BEGIN PROVIDED MATERIAL

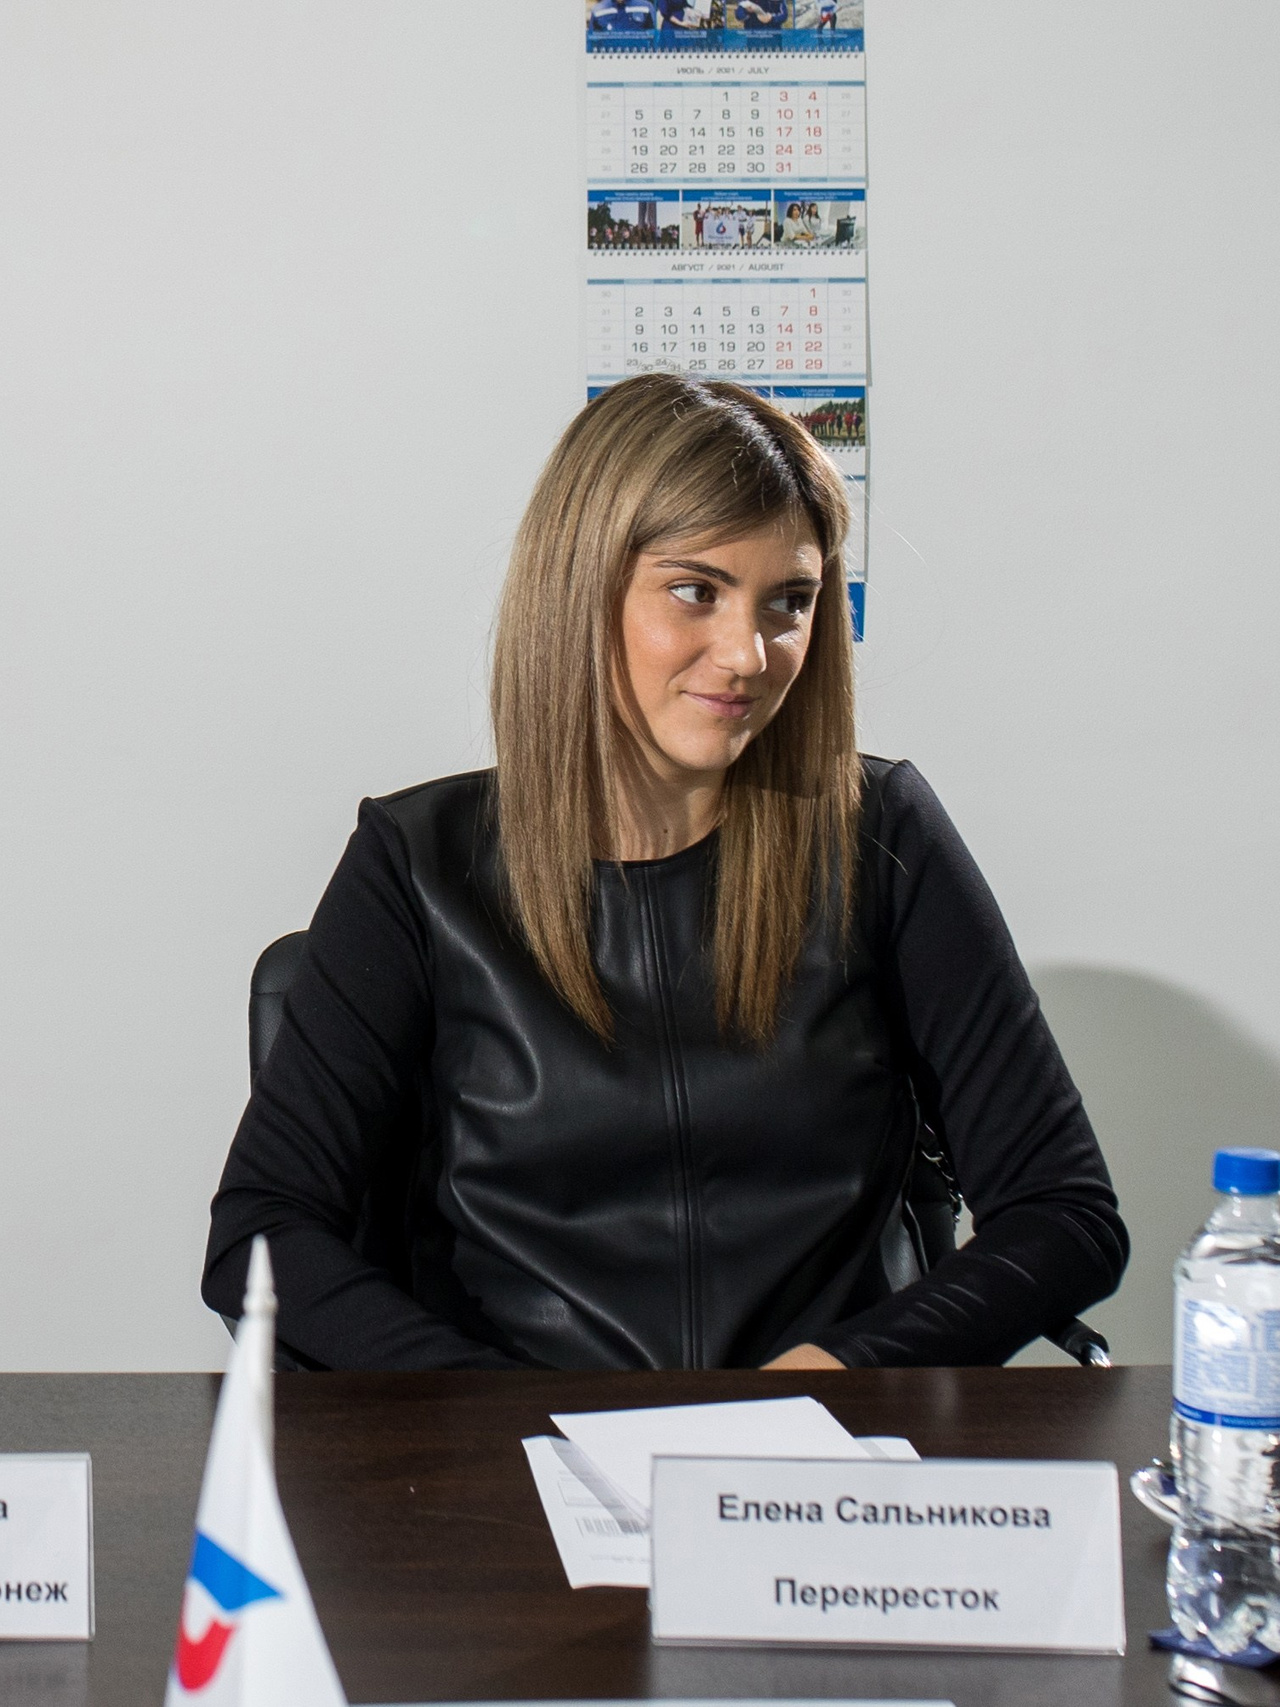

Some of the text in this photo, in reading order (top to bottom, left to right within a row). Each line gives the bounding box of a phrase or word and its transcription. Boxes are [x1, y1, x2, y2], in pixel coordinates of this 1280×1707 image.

[676, 66, 705, 75] ИЮЛЬ
[747, 66, 770, 75] JULY
[723, 91, 729, 102] 1
[750, 90, 760, 102] 2
[779, 90, 789, 102] 3
[808, 90, 817, 102] 4
[634, 109, 644, 121] 5
[663, 109, 673, 121] 6
[693, 108, 702, 120] 7
[721, 108, 731, 120] 8
[750, 108, 760, 120] 9
[776, 108, 794, 120] 10
[805, 108, 820, 119] 11
[632, 127, 649, 138] 12
[661, 127, 678, 138] 13
[689, 126, 706, 137] 14
[719, 126, 736, 138] 15
[748, 126, 765, 138] 16
[776, 126, 793, 137] 17
[805, 126, 822, 138] 18
[632, 144, 649, 156] 19
[659, 144, 679, 156] 20
[688, 144, 705, 156] 21
[717, 144, 736, 156] 22
[746, 144, 765, 156] 23
[775, 144, 793, 155] 24
[804, 143, 823, 156] 25
[630, 162, 649, 174] 26
[659, 162, 678, 174] 27
[688, 162, 707, 174] 28
[717, 162, 736, 174] 29
[746, 161, 766, 174] 30
[775, 161, 792, 173] 31
[671, 263, 705, 272] АВГУСТ
[716, 263, 736, 271] 2021
[748, 262, 785, 272] AUGUST
[809, 287, 816, 299] 1
[634, 306, 644, 318] 2
[664, 305, 673, 318] 3
[692, 306, 702, 317] 4
[722, 305, 732, 317] 5
[751, 305, 760, 317] 6
[780, 305, 789, 317] 7
[809, 305, 818, 317] 8
[634, 324, 645, 336] 9
[660, 323, 679, 335] 10
[689, 323, 705, 335] 11
[719, 323, 736, 335] 12
[748, 323, 765, 335] 13
[777, 323, 794, 334] 14
[806, 323, 823, 335] 15
[631, 341, 649, 354] 16
[660, 341, 678, 353] 17
[690, 341, 707, 353] 18
[719, 341, 736, 353] 19
[746, 341, 766, 353] 20
[775, 340, 792, 353] 21
[804, 340, 823, 352] 22
[688, 358, 707, 371] 25
[717, 359, 737, 371] 26
[746, 358, 765, 370] 27
[775, 358, 794, 370] 28
[804, 358, 823, 370] 29
[718, 1494, 1051, 1528] Елена Сальникова
[774, 1577, 999, 1614] Перекресток
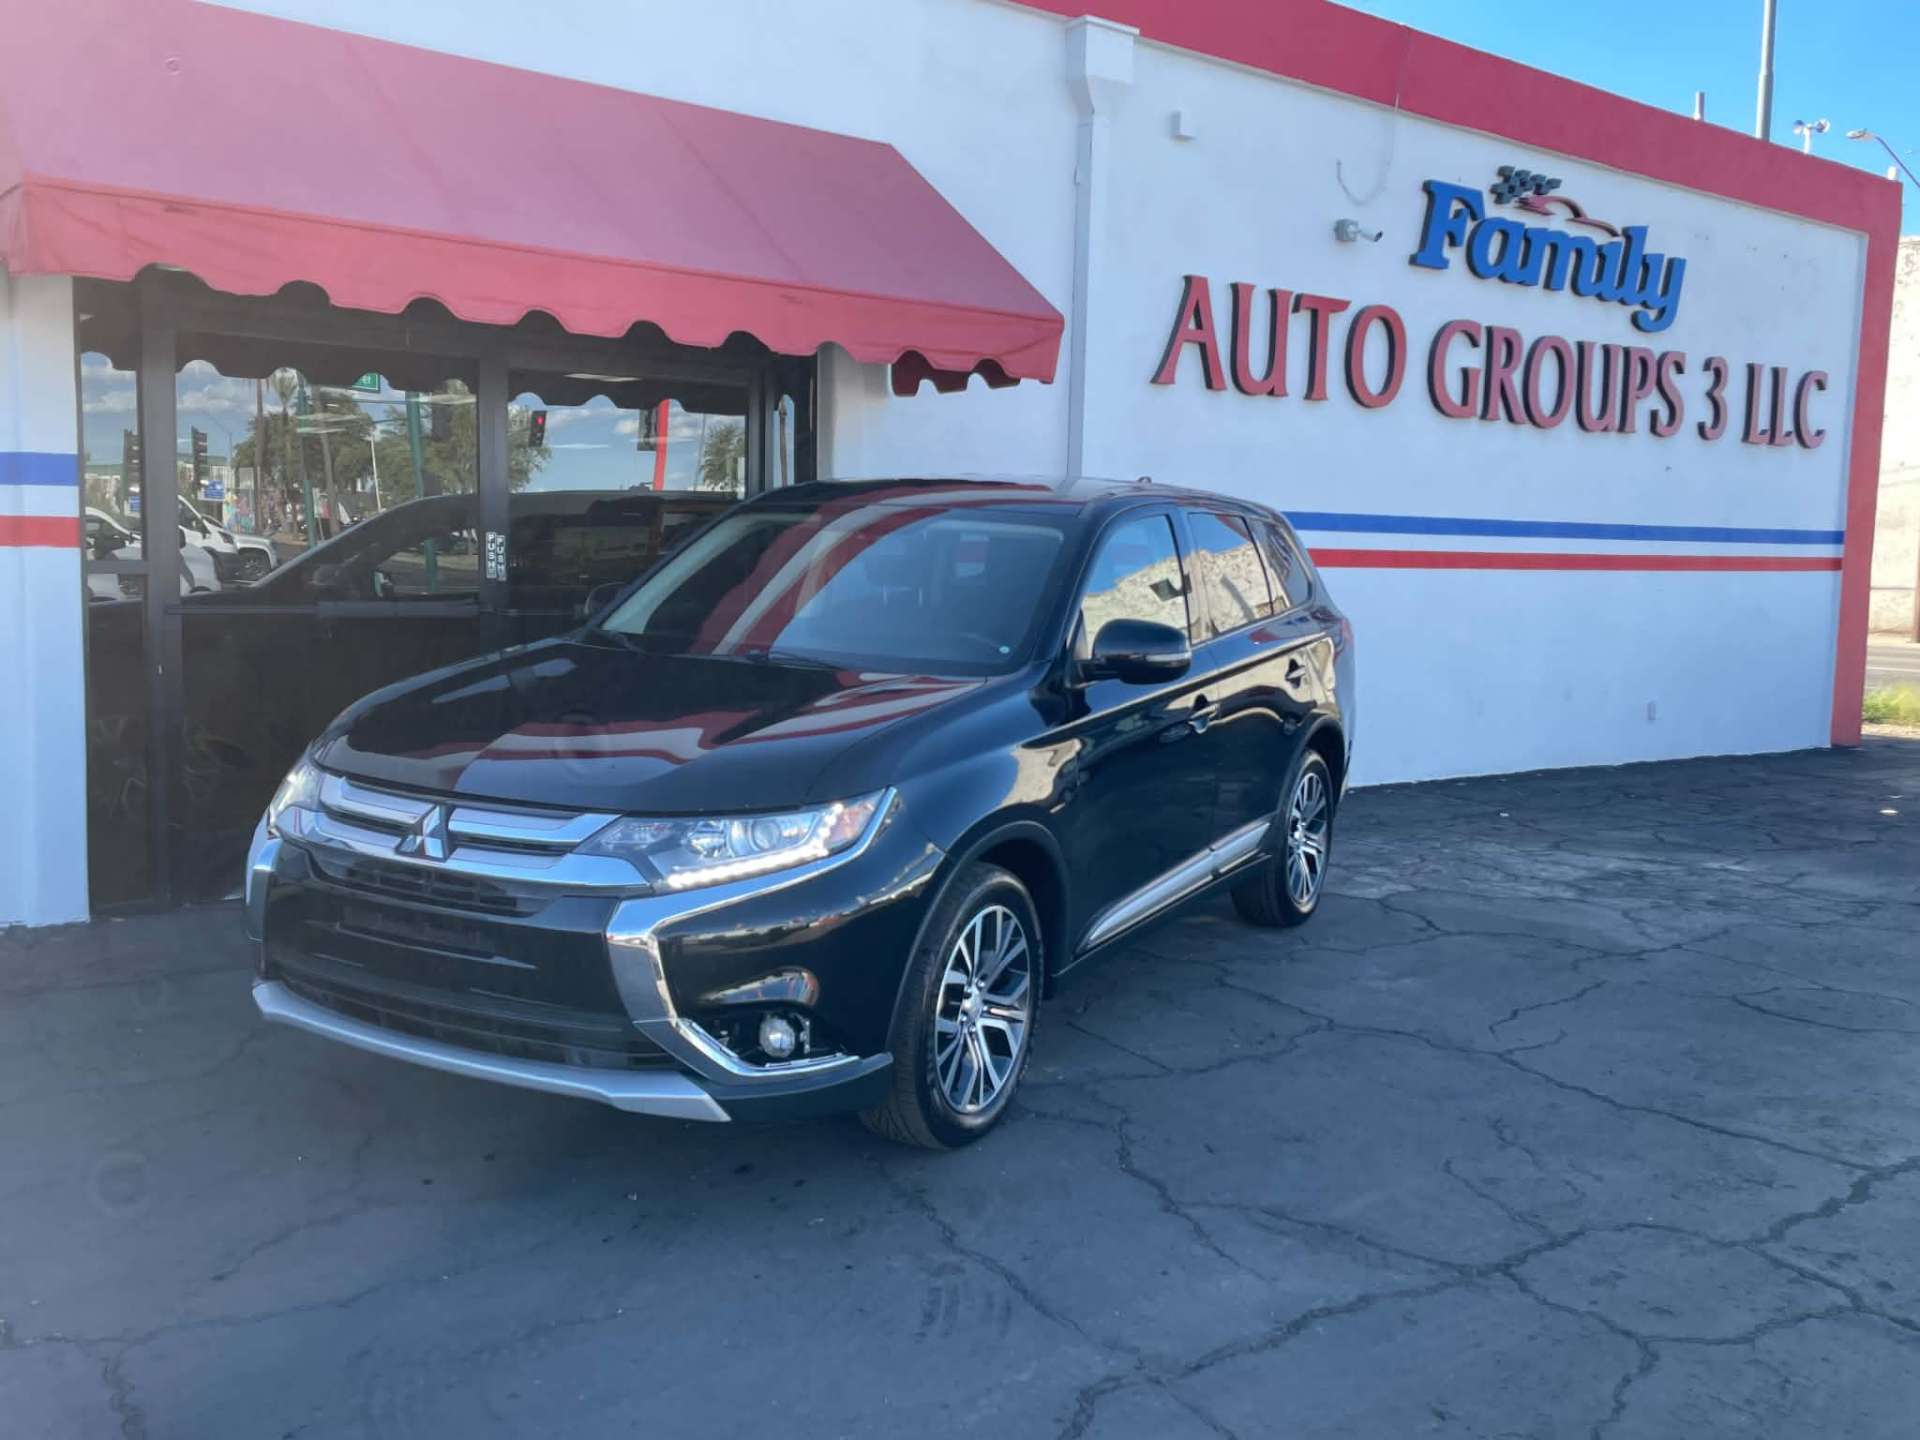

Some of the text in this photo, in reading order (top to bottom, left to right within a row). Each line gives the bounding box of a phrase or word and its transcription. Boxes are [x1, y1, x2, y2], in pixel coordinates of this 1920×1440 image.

END PROVIDED MATERIAL

**EXERCISE AIM**
What is needed is the data above, retyped exactly, with every picture left out.

**WRITTEN SOLUTION**
Some of the text in this photo, in reading order (top to bottom, left to right within a row). Each line gives the bounding box of a phrase or word and its transcription. Boxes are [x1, y1, x2, y2], in pixel coordinates of this 1280×1707 image.

[676, 66, 705, 75] ИЮЛЬ
[747, 66, 770, 75] JULY
[723, 91, 729, 102] 1
[750, 90, 760, 102] 2
[779, 90, 789, 102] 3
[808, 90, 817, 102] 4
[634, 109, 644, 121] 5
[663, 109, 673, 121] 6
[693, 108, 702, 120] 7
[721, 108, 731, 120] 8
[750, 108, 760, 120] 9
[776, 108, 794, 120] 10
[805, 108, 820, 119] 11
[632, 127, 649, 138] 12
[661, 127, 678, 138] 13
[689, 126, 706, 137] 14
[719, 126, 736, 138] 15
[748, 126, 765, 138] 16
[776, 126, 793, 137] 17
[805, 126, 822, 138] 18
[632, 144, 649, 156] 19
[659, 144, 679, 156] 20
[688, 144, 705, 156] 21
[717, 144, 736, 156] 22
[746, 144, 765, 156] 23
[775, 144, 793, 155] 24
[804, 143, 823, 156] 25
[630, 162, 649, 174] 26
[659, 162, 678, 174] 27
[688, 162, 707, 174] 28
[717, 162, 736, 174] 29
[746, 161, 766, 174] 30
[775, 161, 792, 173] 31
[671, 263, 705, 272] АВГУСТ
[716, 263, 736, 271] 2021
[748, 262, 785, 272] AUGUST
[809, 287, 816, 299] 1
[634, 306, 644, 318] 2
[664, 305, 673, 318] 3
[692, 306, 702, 317] 4
[722, 305, 732, 317] 5
[751, 305, 760, 317] 6
[780, 305, 789, 317] 7
[809, 305, 818, 317] 8
[634, 324, 645, 336] 9
[660, 323, 679, 335] 10
[689, 323, 705, 335] 11
[719, 323, 736, 335] 12
[748, 323, 765, 335] 13
[777, 323, 794, 334] 14
[806, 323, 823, 335] 15
[631, 341, 649, 354] 16
[660, 341, 678, 353] 17
[690, 341, 707, 353] 18
[719, 341, 736, 353] 19
[746, 341, 766, 353] 20
[775, 340, 792, 353] 21
[804, 340, 823, 352] 22
[688, 358, 707, 371] 25
[717, 359, 737, 371] 26
[746, 358, 765, 370] 27
[775, 358, 794, 370] 28
[804, 358, 823, 370] 29
[718, 1494, 1051, 1528] Елена Сальникова
[774, 1577, 999, 1614] Перекресток

Some of the text in this photo, in reading order (top to bottom, left to right within a row). Each line gives the bounding box of a phrase or word and its transcription. Boxes are [x1, y1, x2, y2], in pixel coordinates of this 1920×1440 image.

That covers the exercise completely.